Immune checkpoint inhibitors have changed the landscape of medical oncology, with sustained tumour responses in traditionally aggressive cancers. Immune-related adverse events (IRAEs) are a known complication that can result in significant morbidity, but are predictive of response in advanced melanoma(1). Early time to response may also potentially guide physicians towards shorter treatment courses, leading to improved health economic resource utilisation. We sought to investigate the hypothesis of IRAE being predictive of response to immunotherapy in advanced melanoma and lung cancer, amongst early responders.

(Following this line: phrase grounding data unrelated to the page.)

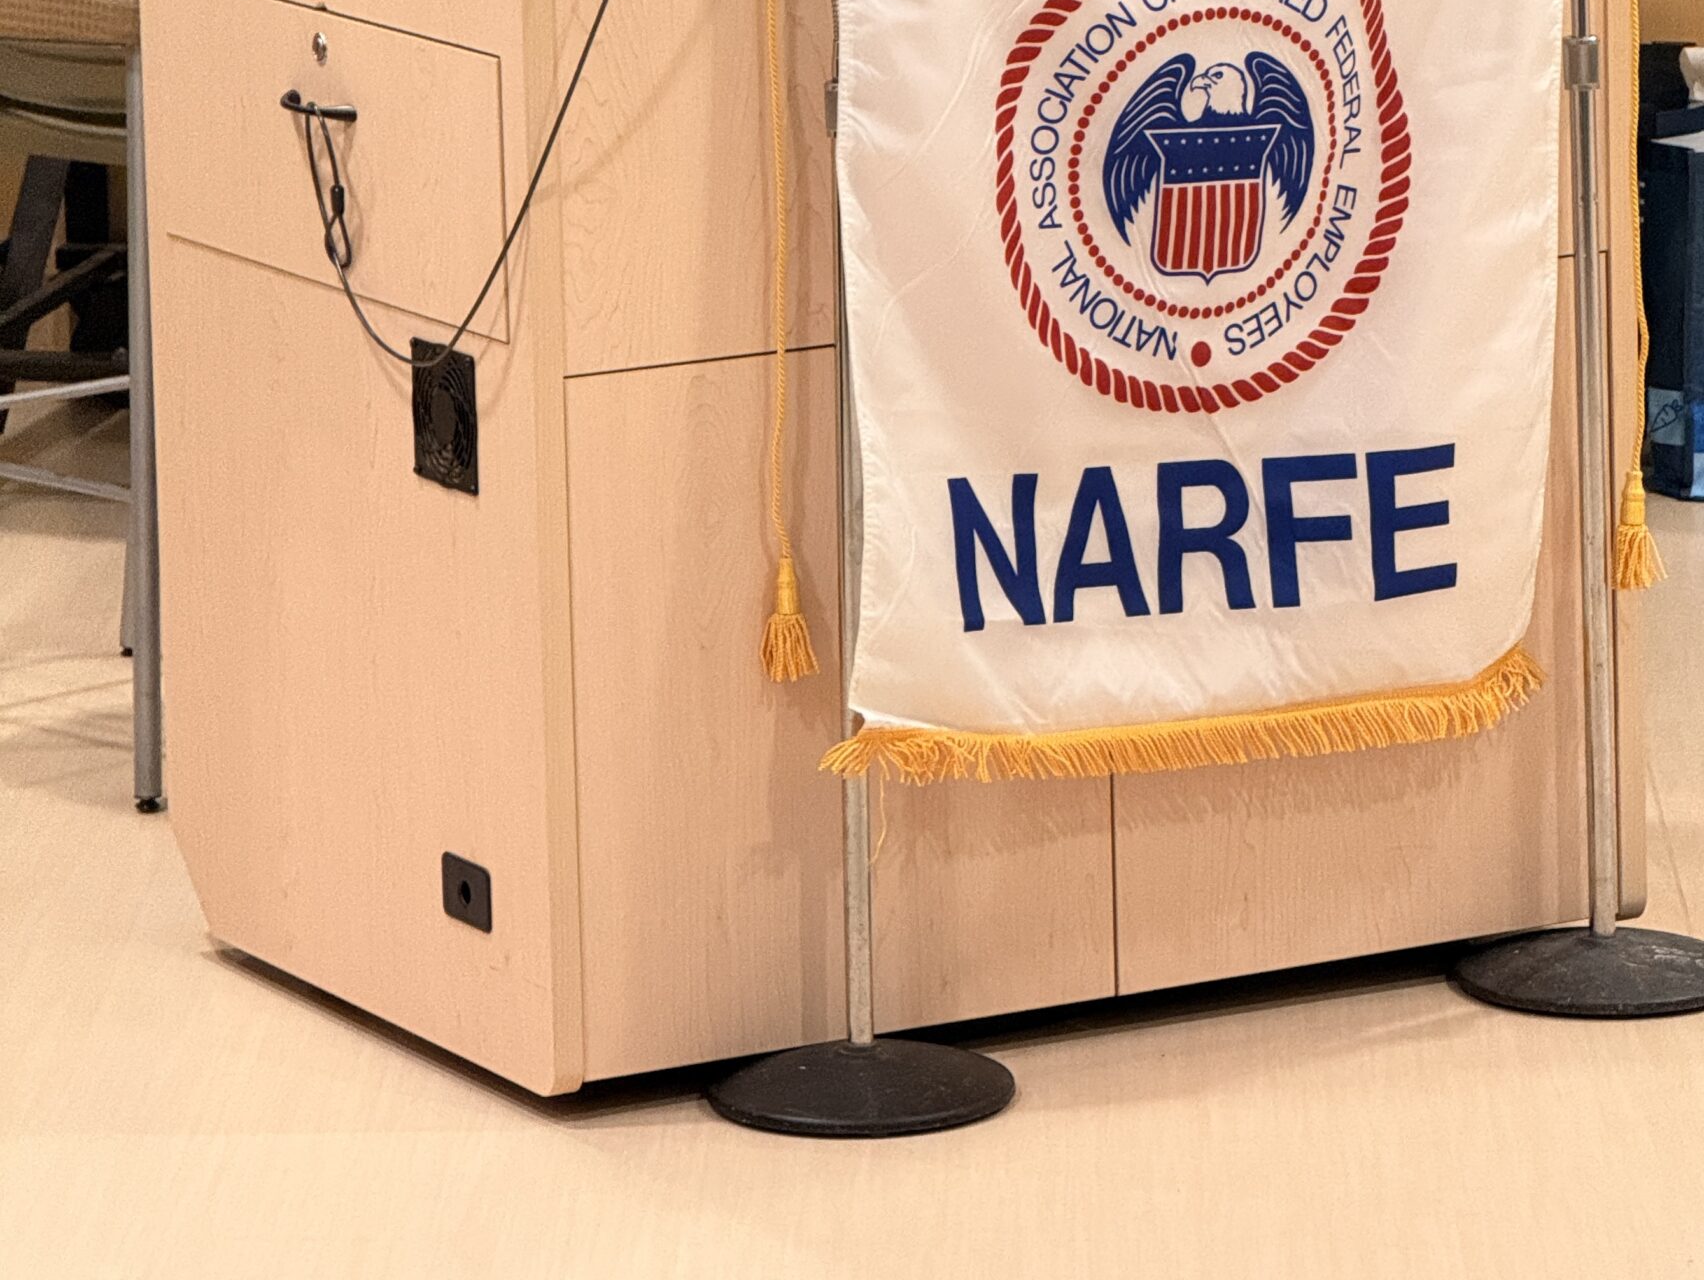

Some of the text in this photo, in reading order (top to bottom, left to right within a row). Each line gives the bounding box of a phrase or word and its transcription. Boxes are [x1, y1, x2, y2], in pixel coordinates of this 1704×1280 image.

[1030, 1, 1137, 229] ASSOCIATION
[1326, 15, 1362, 169] FEDERAL
[1052, 240, 1178, 360] NATIONAL
[1224, 184, 1358, 356] EMPLOYEES
[947, 443, 1458, 633] NARFE

A retrospective audit at a tertiary centre (Austin Hospital) was conducted assessing all patients receiving immunotherapy with either ipilimumab, pembrolizumab, nivolumab or in combination between January 2005 to March 2017. Those patients receiving 5 or less cycles of nivolumab or pembrolizumab or 3 or less cycles of ipilimumab (including combination immunotherapy) were included for analysis. Data extracted included IRAE graded by CTCAE V4.03, sites of disease, time to response, tumour and patient characteristics.

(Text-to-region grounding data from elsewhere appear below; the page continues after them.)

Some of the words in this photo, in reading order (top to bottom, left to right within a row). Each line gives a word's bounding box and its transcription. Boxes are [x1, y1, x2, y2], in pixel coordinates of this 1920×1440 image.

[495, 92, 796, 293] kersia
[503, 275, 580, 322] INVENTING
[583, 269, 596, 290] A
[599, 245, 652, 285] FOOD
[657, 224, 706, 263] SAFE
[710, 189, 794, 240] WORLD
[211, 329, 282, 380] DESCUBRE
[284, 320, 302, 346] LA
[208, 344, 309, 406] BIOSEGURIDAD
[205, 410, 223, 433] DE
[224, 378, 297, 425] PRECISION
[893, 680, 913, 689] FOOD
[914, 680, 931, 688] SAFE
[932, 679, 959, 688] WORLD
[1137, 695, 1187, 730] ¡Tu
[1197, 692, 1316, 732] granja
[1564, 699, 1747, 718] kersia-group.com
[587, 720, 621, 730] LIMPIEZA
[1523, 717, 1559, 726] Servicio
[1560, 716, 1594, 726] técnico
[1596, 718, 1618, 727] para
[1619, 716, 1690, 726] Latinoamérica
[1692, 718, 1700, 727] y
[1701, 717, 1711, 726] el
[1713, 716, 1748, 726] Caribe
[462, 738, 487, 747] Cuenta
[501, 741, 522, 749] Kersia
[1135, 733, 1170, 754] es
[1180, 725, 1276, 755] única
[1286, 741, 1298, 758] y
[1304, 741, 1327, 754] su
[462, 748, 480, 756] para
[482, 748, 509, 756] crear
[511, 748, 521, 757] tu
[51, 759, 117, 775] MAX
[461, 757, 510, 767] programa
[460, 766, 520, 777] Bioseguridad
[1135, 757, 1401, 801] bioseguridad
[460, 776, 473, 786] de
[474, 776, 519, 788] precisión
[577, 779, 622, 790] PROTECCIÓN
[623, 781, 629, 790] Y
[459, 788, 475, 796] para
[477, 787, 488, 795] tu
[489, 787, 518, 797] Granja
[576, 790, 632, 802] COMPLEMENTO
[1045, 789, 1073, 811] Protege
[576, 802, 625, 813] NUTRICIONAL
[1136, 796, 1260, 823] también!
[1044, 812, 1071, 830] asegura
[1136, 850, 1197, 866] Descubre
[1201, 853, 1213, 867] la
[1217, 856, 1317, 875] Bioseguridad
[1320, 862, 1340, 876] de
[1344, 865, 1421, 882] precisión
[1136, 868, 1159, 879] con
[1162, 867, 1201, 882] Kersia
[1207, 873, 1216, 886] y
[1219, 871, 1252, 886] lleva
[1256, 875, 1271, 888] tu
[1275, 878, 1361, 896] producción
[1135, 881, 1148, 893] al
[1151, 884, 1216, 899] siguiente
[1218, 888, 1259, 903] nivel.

One hundred and twenty patients were identified. Of these, 19 (7 melanoma and 12 lung cancer) had early IRAE resulting immunotherapy cessation. Of the 7 melanoma patients, 5 had partial response (PR), 1 complete response and 1 stable disease on first radiological assessment by RECIST criteria. Of the 12 lung cancer patients (all receiving nivolumab), only 1 patient had PR. The remaining 11 (91.6%) patients’ best response was disease progression. Grade 3 or 4 IRAEs included hepatitis (6), pneumonitis (4), colitis (3) arthritis (1), cerebritis (1) and nephritis (1).
Our data supports existing literature that IRAE from immune checkpoint inhibitors are predictive of response in melanoma. However, we did not find the same association in advanced lung cancer. Further research is needed in this area across tumour subtypes other than melanoma.